The Evening Leader
County will again fund the Imagination Library
The county’s Imagination Library program is experiencing monthly growth when the Auglaize County commissioners agreed to provide funding for the next three years.
The commissioners will contribute $10,000 each year for 2023, 2024 and 2025 to help children ages birth to 5 receive a new book each month.
The program is administered through the United Way of Auglaize County; director Natasha Kaufman said $1,545 a month in book cost is matched by the state.
“That number varies; the more kids we sign up, the cost goes up,” Kaufman said, giving credit to the county commissioners as well as local community foundations for their support.
If all 3,086 children under the age of five in Auglaize County enrolled, an estimated $38,000 in annual local funding would be needed, with the anticipation they would receive matching dollars from the state.
At the moment 1,540 children are signed up in Auglaize County, representing about 48 percent of those who are eligible.
“When you are looking at Ohio, we would be in the upper percentages,” Kaufman said. “There are still coun
ties that are struggling, there are still counties that are not as well funded, as well supported as we are.”
She said word about the program has spread through the Auglaize County library system and the St. Marys Community Public Library.
Kaufman said in speaking with local library directors most of the time when they mention the library kids are already signed up.
“I think we have a great word of mouth system as well,” Kaufman said.

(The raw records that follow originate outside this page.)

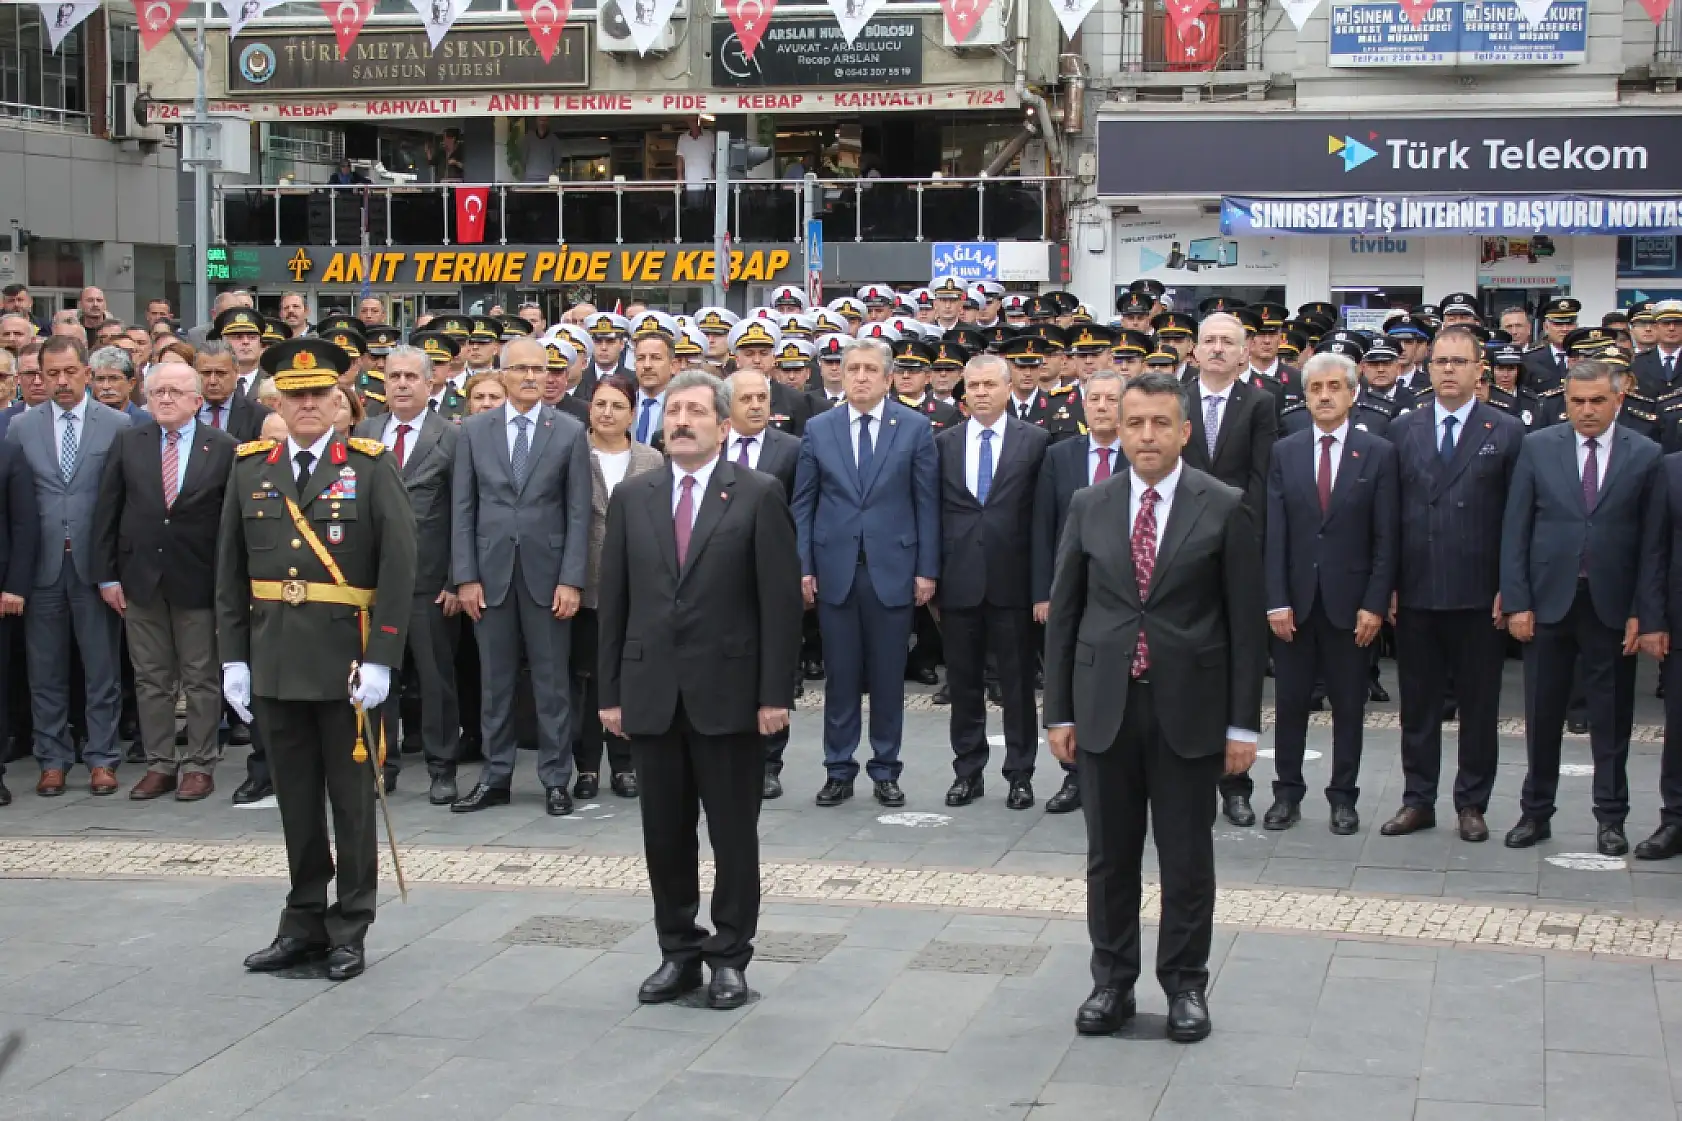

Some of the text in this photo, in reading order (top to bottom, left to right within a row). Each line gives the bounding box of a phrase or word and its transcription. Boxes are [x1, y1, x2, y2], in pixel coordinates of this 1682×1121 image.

[1353, 8, 1393, 24] SİNEM
[768, 27, 815, 40] ARSLAN
[865, 24, 914, 36] BÜROSU
[356, 42, 433, 60] METAL
[776, 43, 821, 53] AVUKAT
[831, 40, 901, 52] ARABULUCU
[797, 53, 880, 65] Recep ARSLAN
[352, 59, 500, 80] SAMSUN ŞUBESİ
[278, 103, 338, 117] KEBAP
[367, 99, 457, 114] KAHVALTI
[487, 94, 541, 111] ANIT
[552, 94, 632, 110] TERME
[663, 92, 707, 110] PİDE
[738, 94, 803, 109] KEBAP
[834, 92, 934, 107] KAHVALTI
[966, 89, 1006, 105] 7/24
[1386, 139, 1648, 171] Türk Telekom
[1250, 202, 1338, 228] SINIRSIZ
[1343, 197, 1396, 232] EV-İŞ
[1401, 198, 1498, 228] İNTERNET
[1503, 200, 1603, 233] BAŞVURU
[1350, 234, 1407, 254] tivibu
[321, 244, 790, 282] ANIT TERME PİDE VE KEBAP
[934, 244, 997, 272] SAĞLAM

Often information about the program is sent home with parents from the hospital when children are born, which has helped increase participation.
The reason the Imagination Library was started was due in part to Dolly Parton’s father’s inability to read or write.

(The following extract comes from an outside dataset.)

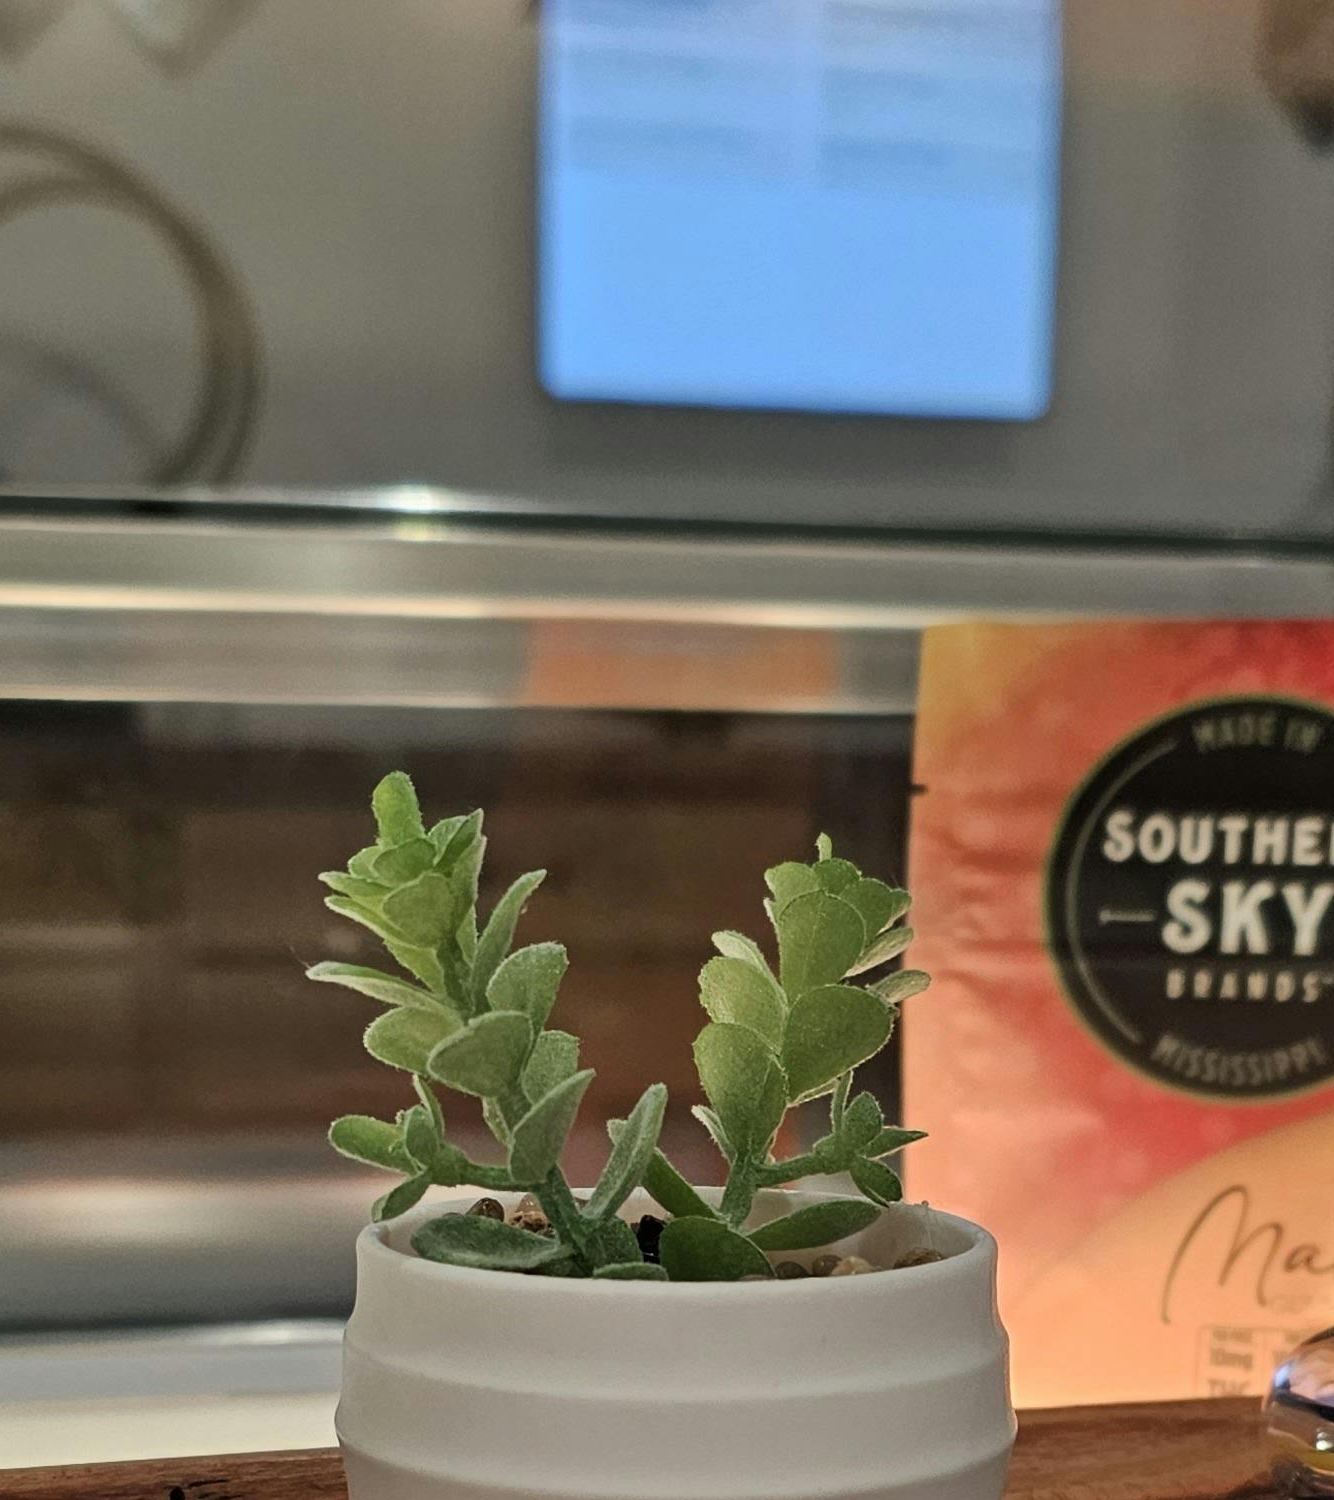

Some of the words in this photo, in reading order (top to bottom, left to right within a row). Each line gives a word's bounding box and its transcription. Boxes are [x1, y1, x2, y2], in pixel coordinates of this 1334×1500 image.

[1191, 712, 1276, 753] MADE
[1282, 717, 1324, 754] IN
[1151, 1034, 1326, 1086] MISSISSIPPI

“She never wanted any other kid to enter kindergarten not have held a book in their hands,” Kaufman said.
“We know that not only is it helping them get in the habit of holding a book and turning the pages and reading the story, it helps bond families together.”
It also helps prepare children for school.
“It really mentally prepares them to enter kindergarten,” Kaufman said. “The minute that they know what mail is, as a toddler, they know that their book is going to come at the first of the month every month.”